MHB Union & Set Rules - Learn the Basics Now!

[TinaSprout]

I am going over some of my notes, and I cannot understand unions, here is the selection I am having trouble with
View attachment 7601

How does the union of four different sets equal just one of the sets? Should the union of 4 sets be the four different sets instead of one.
I am missing something fundamental to unions and intersections.
Thanks for your help!

 

[I like Serena]

I am going over some of my notes, and I cannot understand unions, here is the selection I am having trouble with


How does the union of four different sets equal just one of the sets? Should the union of 4 sets be the four different sets instead of one.
I am missing something fundamental to unions and intersections.
Thanks for your help!

Hi TinaSprout! Welcome to MHB! (Smile)

The union of 2 sets is the set that contains all elements that those 2 sets contain.
So e.g. $\{a,b,c\} \cup \{a,d\}=\{a,b,c,d\}$.
That is the combination of all elements.
Note that the element $a$ that is part of both sets, is included once in the union.The notation $[-1,1]$ means that we have a set of infinitely many elements.
Those are all real numbers between -1 and +1.
The union of $[-1,1] \cup [-\frac 12, \frac 12]$ is $[-1,1]$, because it contains all elements of both sets.
That is, it all real numbers between $-\frac 12$ and $\frac 12$ are contained in the interval $[-1,1]$.

 

[S.G. Janssens]

In this case, if you make a drawing of the four intervals, I think it already becomes clearer.
However, we can also strictly use the definition in your first equation. We are asked to prove that
\[
V_1 \cup V_2 \cup V_3 \cup V_4 = [-1,1], \qquad (\ast)
\]
where $V_i = \left[-\frac{1}{i}, \frac{1}{i}\right]$ for $i = 1,\ldots,4$.
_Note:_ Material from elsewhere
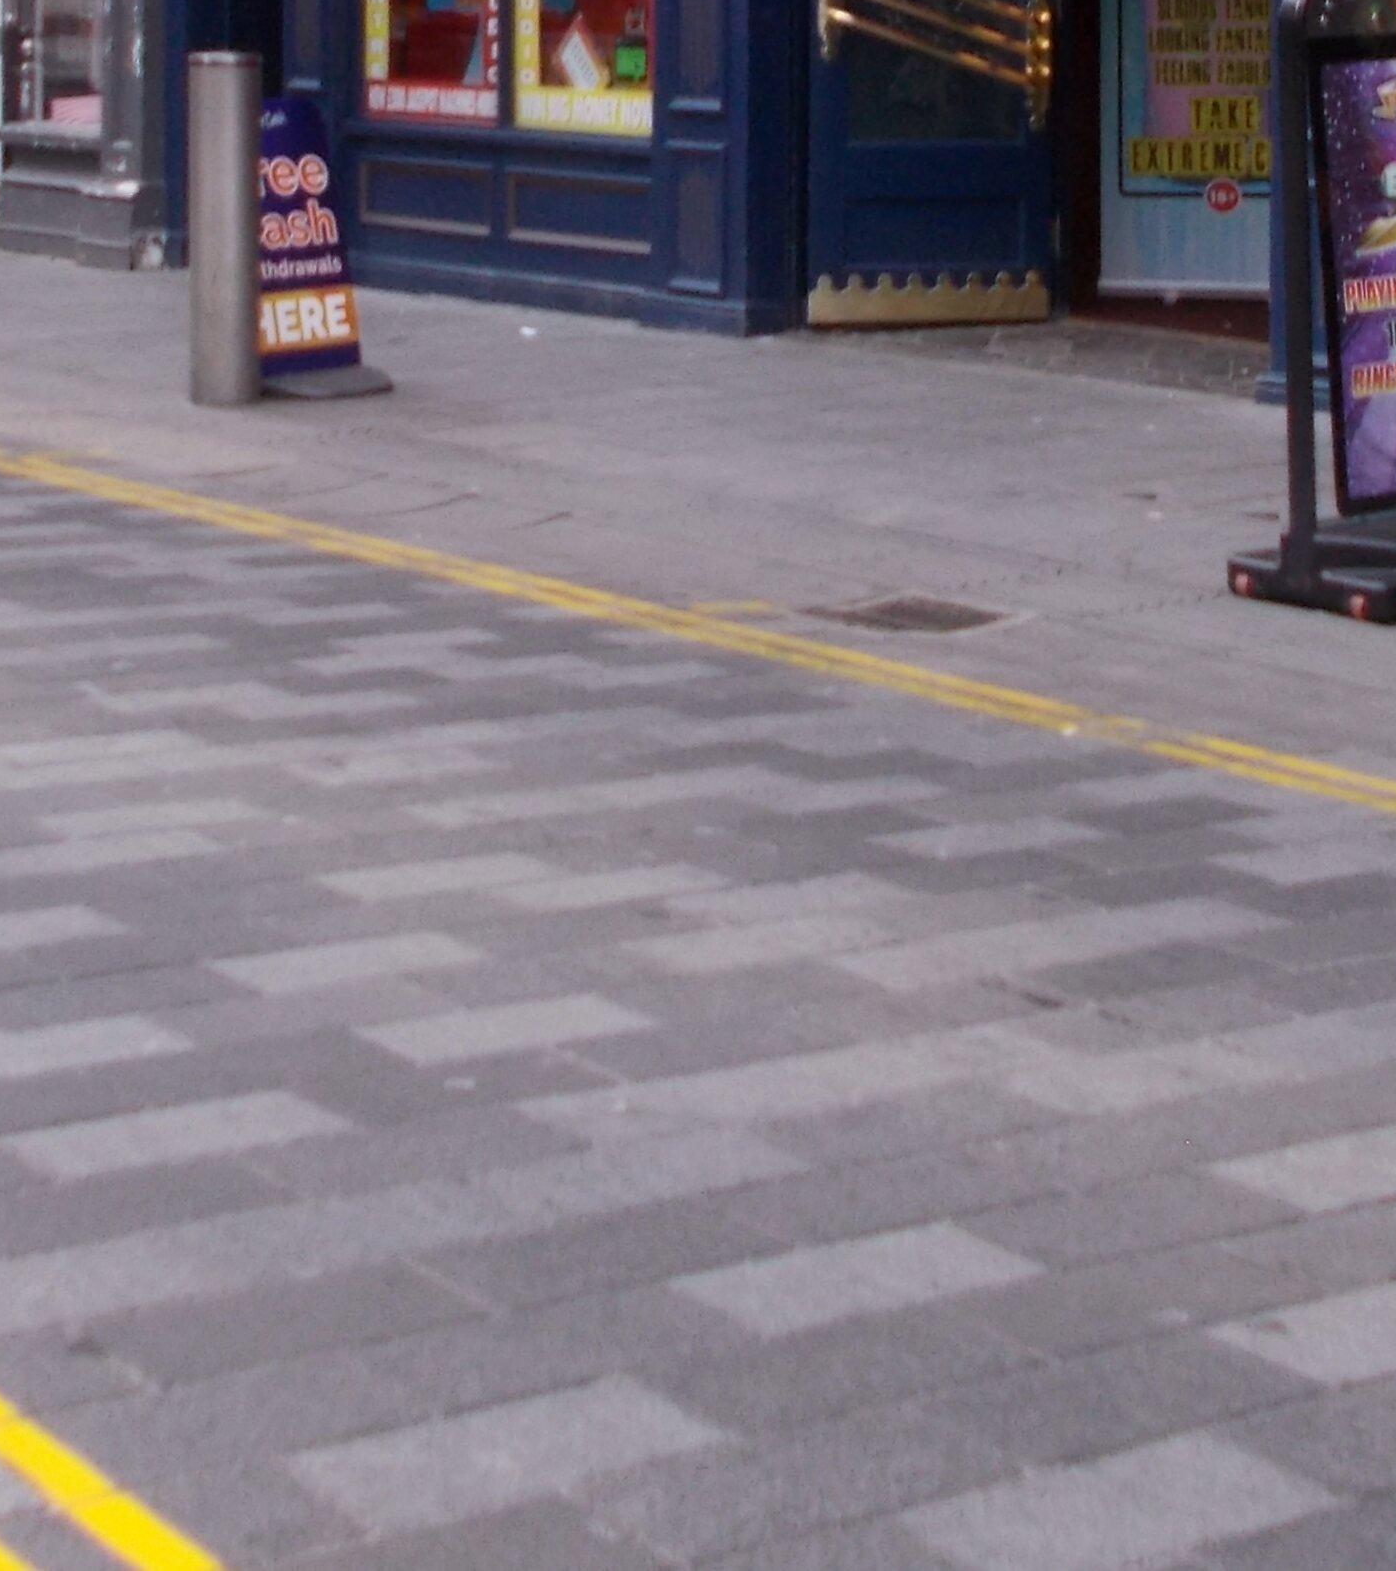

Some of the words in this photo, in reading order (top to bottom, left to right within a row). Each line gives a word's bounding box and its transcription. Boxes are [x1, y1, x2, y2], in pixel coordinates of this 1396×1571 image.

[259, 153, 330, 197] ree
[260, 198, 339, 250] ash
[260, 253, 343, 280] thdrawals
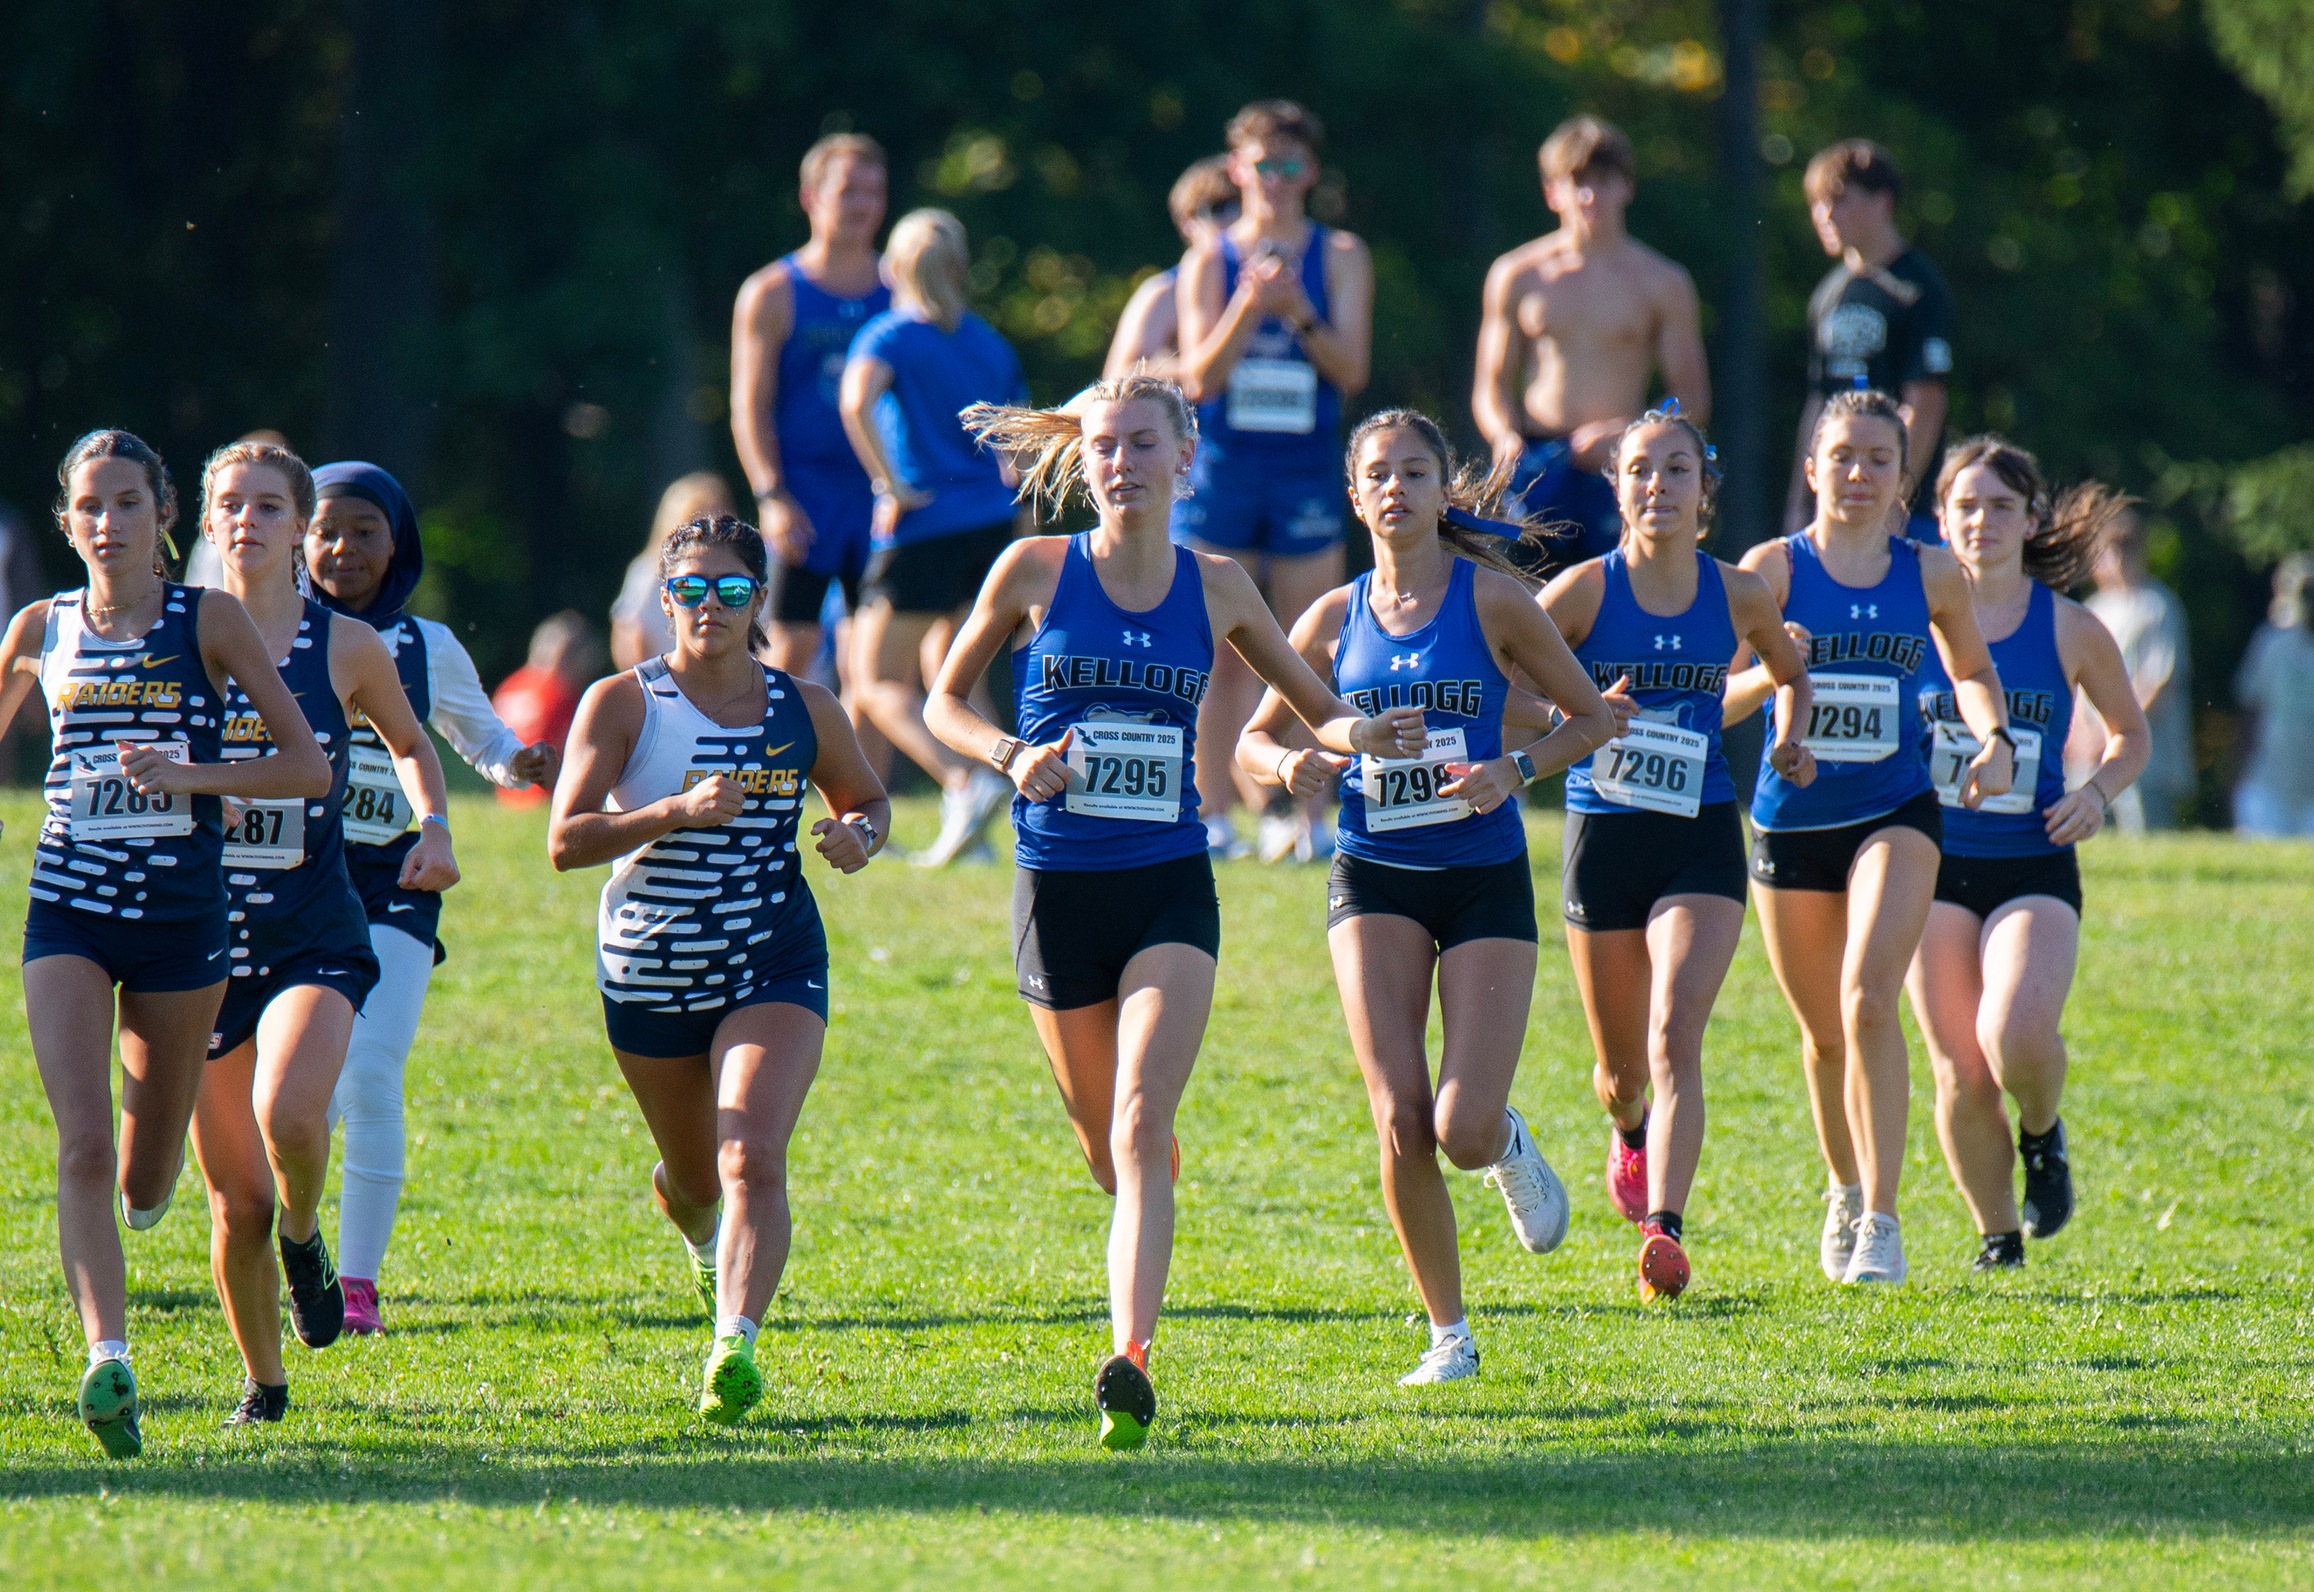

1. First consider $x \in [-1,1]$. Then $x \in V_1$ so, by your definition of "union", $x \in V_1 \cup V_2 \cup V_3 \cup V_4$.

2. Next, consider $x \in V_1 \cup V_2 \cup V_3 \cup V_4$. Then $x$ must be in at least one of the $V_i$. No matter in which $V_i$ it is, note that always $x \ge -1$ and $x \le 1$, but this just means that $x \in [-1,1]$.

So, we have established $(\ast)$.

Note that we could also have considered the sets $W_i = \{V_i\}$ for $i = 1,\ldots,4$. That is, each $W_i$ is a set that has exactly one element, and this element is itself a set: $V_i \in W_i$ for $i = 1,\ldots,4$. Try to understand that in this case,
\[
W_1 \cup W_2 \cup W_3 \cup W_4 = \{V_1, V_2, V_3, V_4\},
\]
which is a set consisting of four elements, each element being a set by itself. In particular, the union of the $W_i$ is not equal to the interval $[-1,1]$.

 

[HallsofIvy]

In brief, all of those intervals, [math]\left[-\frac{1}{2}, \frac{1}{2}\right][/math], [math]\left[-\frac{1}{3},\frac{1}{3}\right][/math], etc. Are subsets of [-1, 1]. Every member of each interval is already in [-1, 1].